El poeta leonés Antonio Colinas. Foto: Leonoticias
Como puede verse, Antonio Colinas (La Bañeza, León, 1946) divide el poema (que forma parte del libro Astrolabio) en dos partes. La primera es dedicada a la batalla de Maratón; la segunda a la de Salamina. Ambas batallas son recreadas líricamente (siempre en endecasílabos, salvo el par de versos de apertura) conjugando historia y mito.

PRIMERA PARTE

En la extensa y fértil llanura de Maratón (ciudad de la costa nororiental del Ática, cercana a Atenas) tuvo lugar en el año 490 a.C. el primero de los enfrentamientos bélicos entre griegos y persas (guerras médicas). Hacía un año que los persas venían construyendo una gran flota con el fin de transportar a Grecia su arma más temible: la caballería. Pese a lo que en un principio pudiera pensarse, no parece que la ofensiva persa tuviera tanto de carácter de conquista como de maniobra de castigo, teniendo en cuenta la elección de la zona de desembarco. Es probable que todo respondiera a una estrategia de distracción para que los hoplitas griegos acudieran a Maratón dejando desprotegida la ciudad de Atenas. Sea como fuere, lo cierto es que la victoria griega resultó más política y moral que real, ya que los persas consiguieron dos de sus tres objetivos de partida: las Cícladas y Eretria. La batalla de Maratón, eso sí, sirvió para afianzar la supremacía de Atenas sobre Esparta y la Liga Peloponesia, reforzar el sistema democrático instaurado por Clístenes y conformar un cierto “orgullo patriótico” en torno de un mito bélico que iba a quedar grabado para siempre en la memoria colectiva del pueblo griego.
Este espacio político y geoestratégico es magistralmente condensado y recreado por Colinas en la primera estrofa mediante rítmicas estructuras paralelísticas (vss. 1-11).
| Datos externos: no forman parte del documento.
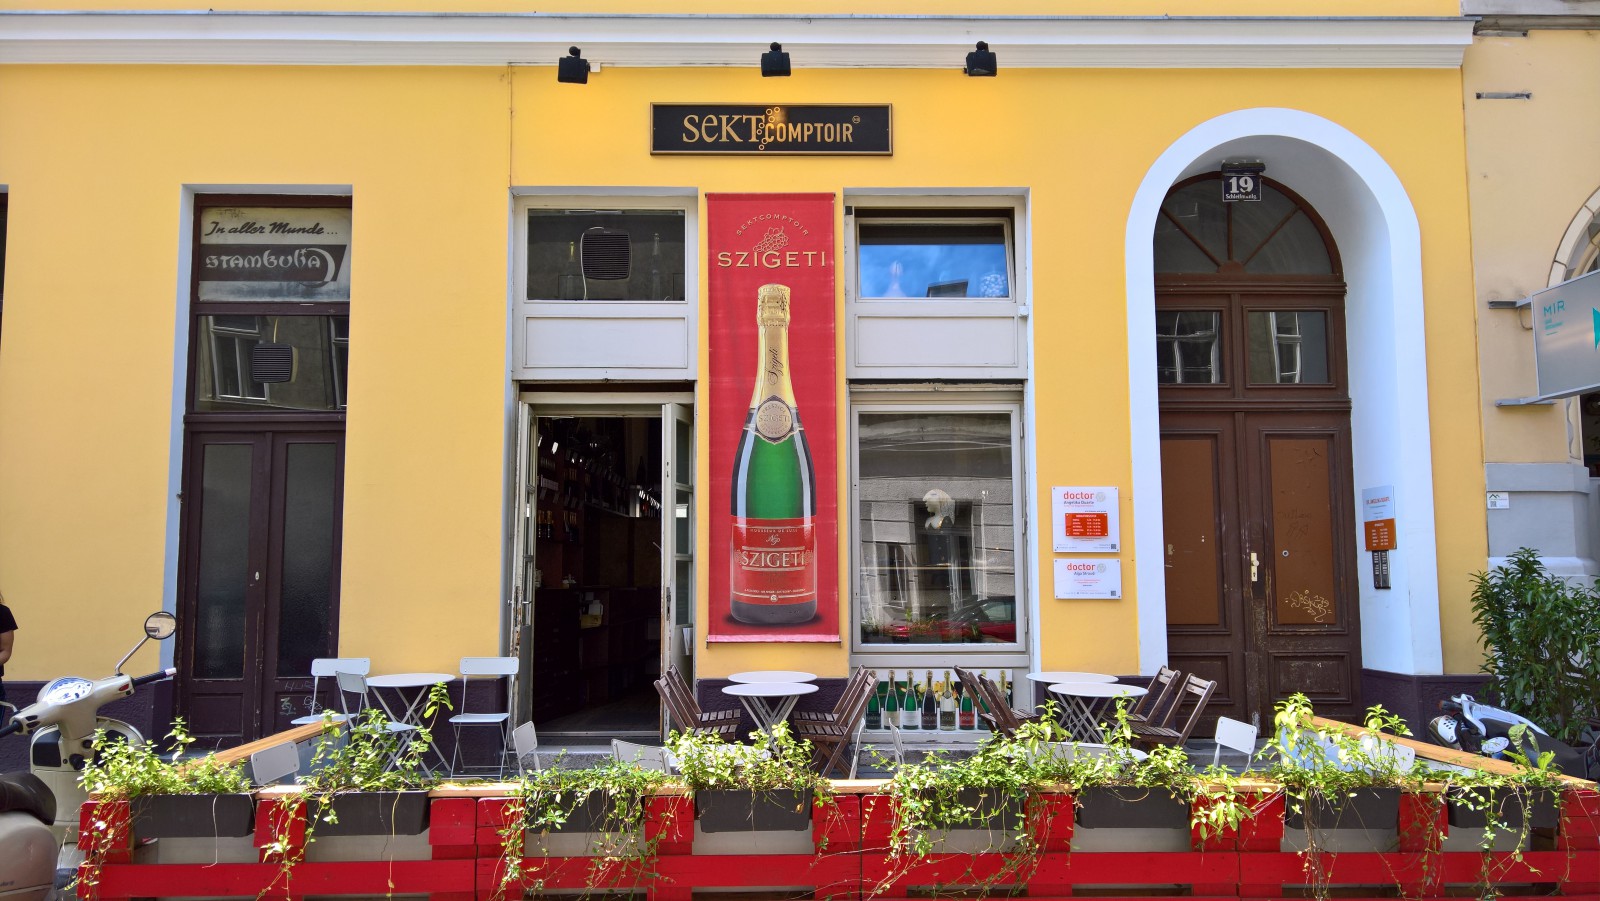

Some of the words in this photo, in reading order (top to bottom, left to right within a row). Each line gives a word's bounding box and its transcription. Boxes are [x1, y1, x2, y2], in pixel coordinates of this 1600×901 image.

Son curiosamente los dos tridecasílabos compuestos iniciales los que bosquejan el enclave geográfico de la batalla y los que anticipan, a su vez, en el plano semántico, las principales claves estratégicas que, a continuación, en dicha estrofa, van a ser ampliadas; por otro lado, estos dos versos avanzan también en el plano formal el ritmo y el desarrollo paralelístico que caracteriza la primera parte del poema. No nos ocuparemos aquí del ritmo del texto de Colinas, pero sí de su trasfondo referencial (trasfondo histórico-mítico), con el propósito de hacerlo más comprensible.
¿Por qué, primeramente, los persas miran a los montes y los griegos miran hacia el mar? El autor nos da la respuesta en los siguientes versos, que integran la primera estrofa: Porque el persa espera la traición de Atenas y el griego aguarda la ayuda de Esparta. Estos versos dan pie a un breve pero conveniente comentario histórico. La situación geopolítica griega se encontraba lejos de alcanzar por aquel entonces una hipotética unidad. Por encima del sentimiento griego estaba el reconocerse antes como ateniense, tebano o lacedemonio. De manera que, ante la amenaza persa, no todas las ciudades-Estado griegas reaccionaron de la misma forma, sino siempre de acuerdo con sus intereses políticos. Así, Egina, no debía de ver con malos ojos una posible victoria persa que supusiera la liquidación de Atenas, sempiterno rival, como tampoco Argos le hubiera hecho ascos a la supremacía persa de haber esta apeado a Esparta del dominio sobre el Peloponeso. Porque fueron Atenas, Esparta y Platea las únicas ciudades que se opusieron claramente a la injerencia aqueménida, llegando incluso las dos primeras a asesinar a los emisarios del Imperio. El resto de las ciudades del continente o bien aceptó el dominio persa o bien se mantuvo en silencio, con lo que en definitiva también se acataba el dominio extranjero.
Tales desuniones y desavenencias griegas fueron aprovechadas por los persas, quienes, conociendo aquel panorama, pronto desplegaron una astuta política de compra de lealtades. De ahí que Colinas hable de “la traición de Atenas”, pues parte de la aristocracia ateniense constituía una verdadera quinta columna persa, al igual que otras ciudades-Estado, y el ejército persa confiaba su victoria en Maratón a la colaboración de ese poderoso sector filo-persa ateniense.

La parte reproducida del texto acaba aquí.